Your task: Beginning with the line that contains "Some of the text", extract each line through the end of the listing below, with no additions or omissions.

Task data:
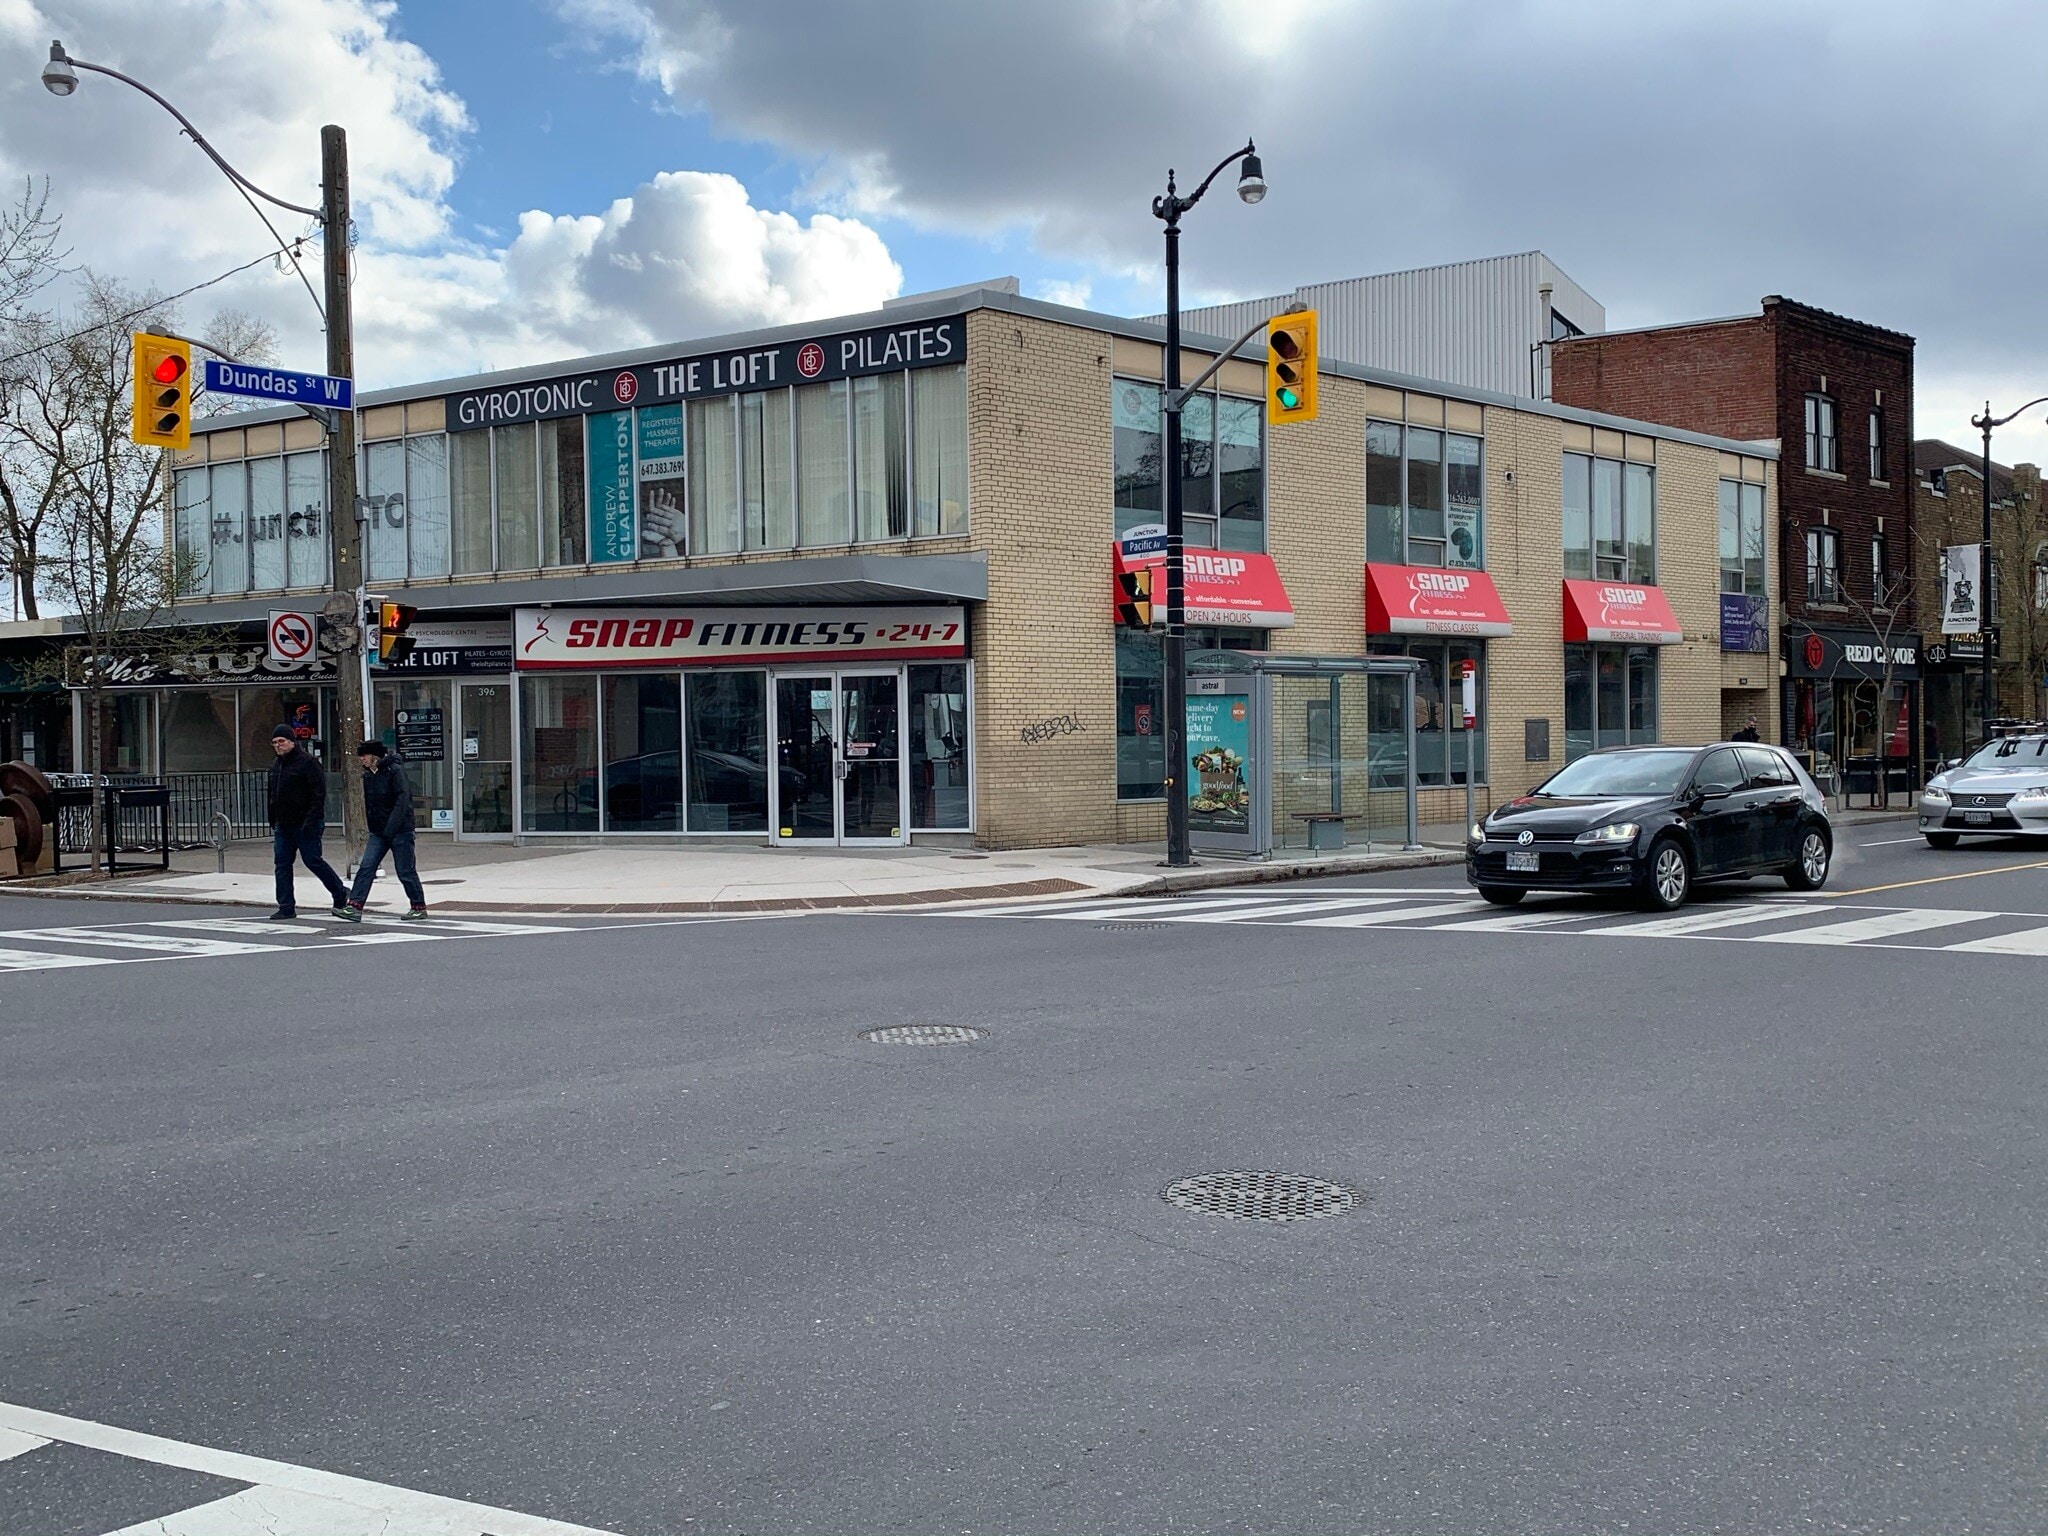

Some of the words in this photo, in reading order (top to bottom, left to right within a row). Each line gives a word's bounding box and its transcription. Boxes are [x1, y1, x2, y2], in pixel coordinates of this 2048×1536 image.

[841, 324, 952, 371] PILATES
[653, 361, 701, 396] THE
[713, 350, 780, 388] LOFT
[219, 365, 298, 395] Dundas
[305, 377, 317, 389] St
[323, 379, 340, 400] W
[642, 417, 682, 428] REGISTERED
[647, 428, 678, 438] MASSAGE
[644, 437, 681, 448] THERAPIST
[617, 415, 631, 557] CLAPPERTON
[605, 485, 617, 557] ANDREW
[1133, 529, 1158, 537] JUNCTION
[1130, 540, 1152, 551] Pacific
[1153, 540, 1161, 549] Av
[1186, 610, 1209, 621] OPEN
[1211, 612, 1221, 622] 24
[1223, 612, 1252, 624] HOURS
[1426, 622, 1452, 633] FITNESS
[1452, 624, 1480, 634] CLASSES
[697, 622, 869, 646] FITNESS
[1610, 631, 1637, 640] PERSONAL
[1638, 632, 1662, 641] TRAINING
[423, 651, 459, 666] LOFT
[1844, 645, 1872, 662] RED
[250, 674, 305, 682] Vietnamese
[310, 672, 338, 680] Cuisi
[1201, 682, 1219, 690] astral
[479, 688, 495, 696] 396
[1186, 713, 1214, 724] elivery
[1187, 723, 1202, 733] ight
[1203, 724, 1212, 732] to
[1202, 780, 1234, 791] goodfood
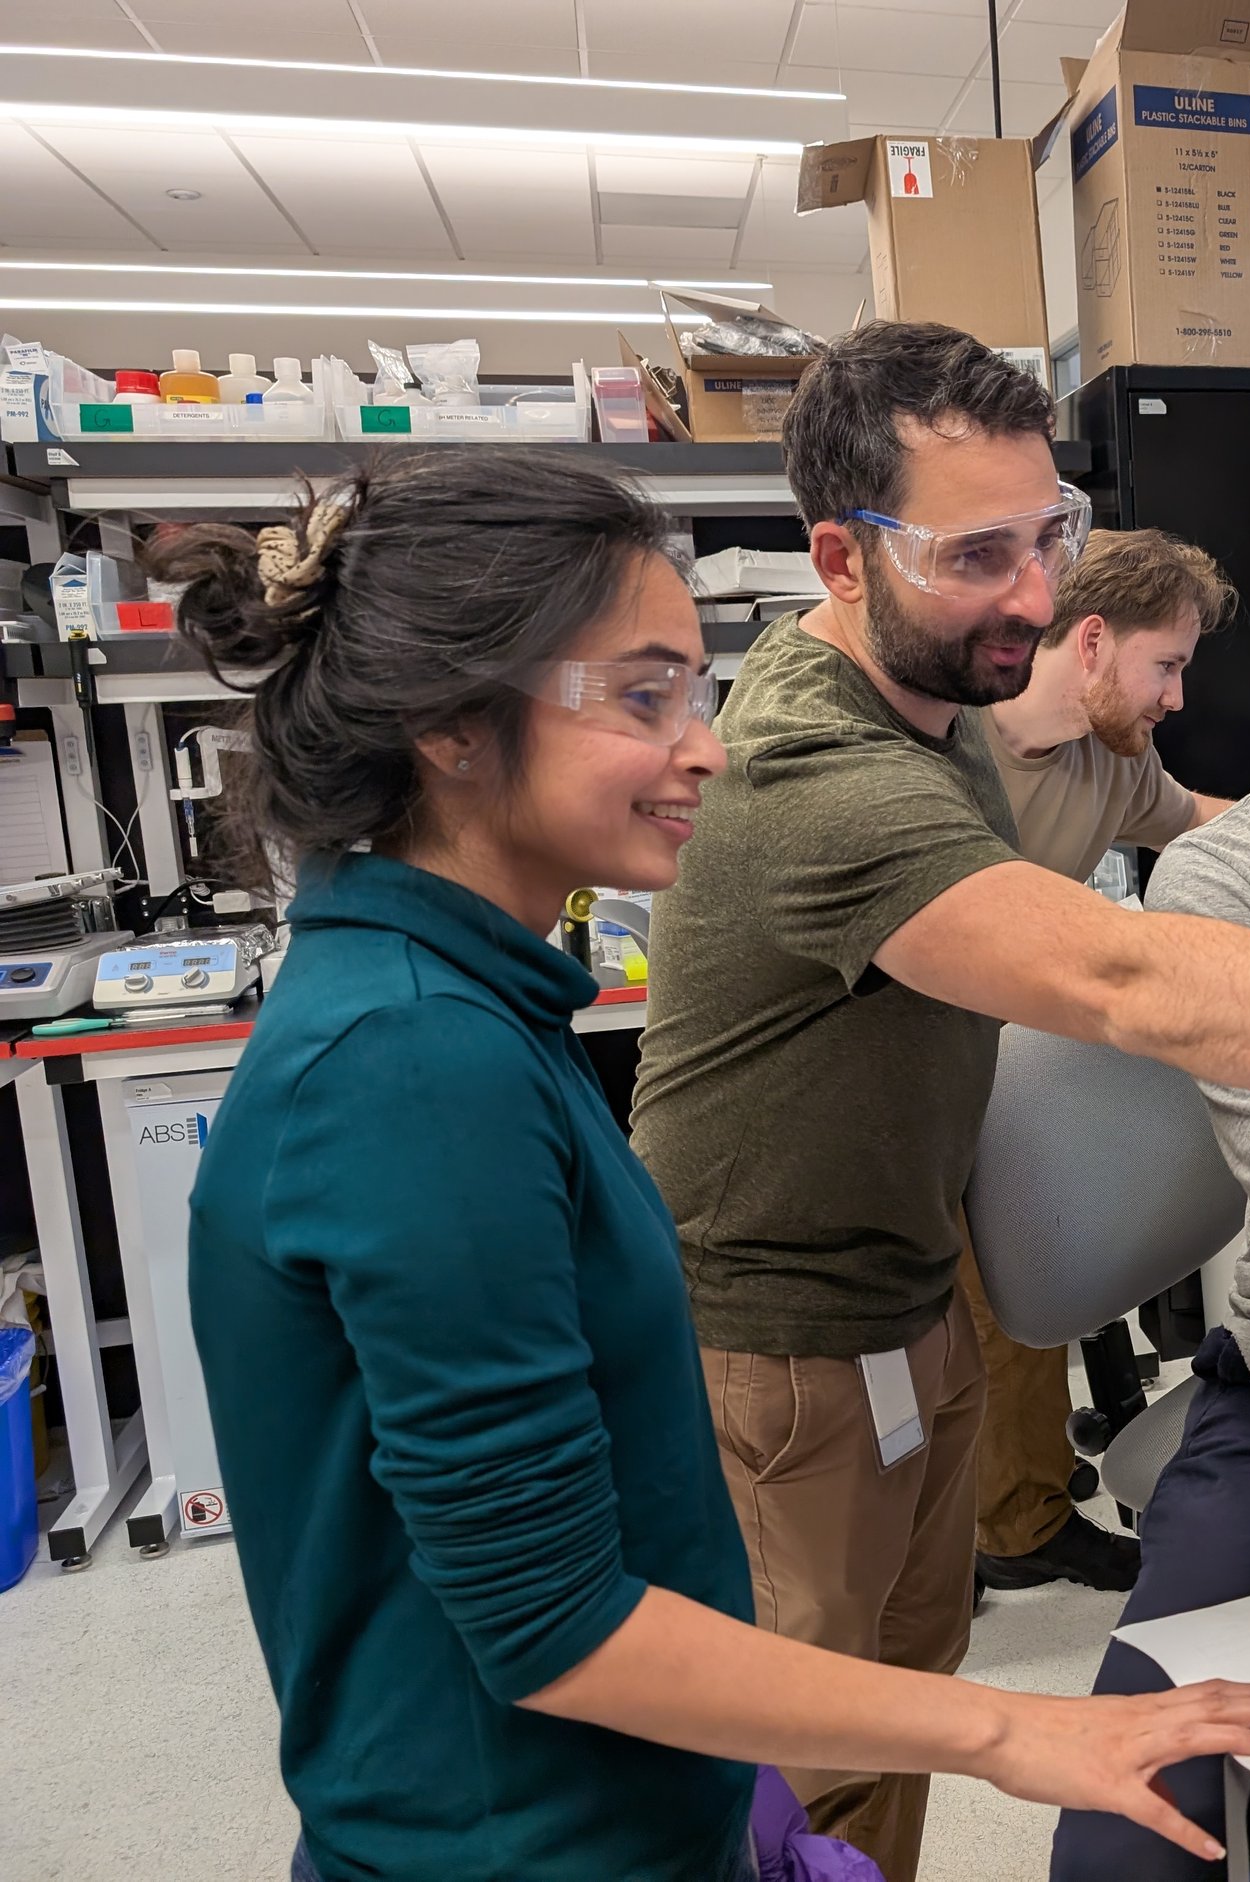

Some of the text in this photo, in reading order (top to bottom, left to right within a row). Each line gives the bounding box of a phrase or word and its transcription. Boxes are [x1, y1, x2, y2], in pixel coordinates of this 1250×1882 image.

[1174, 95, 1215, 112] ULINE
[1141, 110, 1247, 128] PLASTIC STACKABLE BINS
[890, 145, 926, 157] FRAGILE
[1178, 162, 1216, 173] 12/CARTON
[1217, 190, 1236, 198] BLACK
[1218, 217, 1237, 225] CLEAR
[1218, 231, 1238, 239] GREEN
[1219, 244, 1231, 252] RED
[1220, 271, 1243, 279] YELLOW
[714, 381, 743, 390] ULINE
[6, 410, 29, 418] PM-992
[172, 412, 210, 420] DETERGENTS
[138, 608, 157, 627] L
[139, 1122, 186, 1145] ABS

Answer:
Some of the text in this photo, in reading order (top to bottom, left to right within a row). Each line gives the bounding box of a phrase or word and its transcription. Boxes are [x1, y1, x2, y2], in pixel coordinates of this 1250×1882 image.

[1174, 95, 1215, 112] ULINE
[1141, 110, 1247, 128] PLASTIC STACKABLE BINS
[890, 145, 926, 157] FRAGILE
[1178, 162, 1216, 173] 12/CARTON
[1217, 190, 1236, 198] BLACK
[1218, 217, 1237, 225] CLEAR
[1218, 231, 1238, 239] GREEN
[1219, 244, 1231, 252] RED
[1220, 271, 1243, 279] YELLOW
[714, 381, 743, 390] ULINE
[6, 410, 29, 418] PM-992
[172, 412, 210, 420] DETERGENTS
[138, 608, 157, 627] L
[139, 1122, 186, 1145] ABS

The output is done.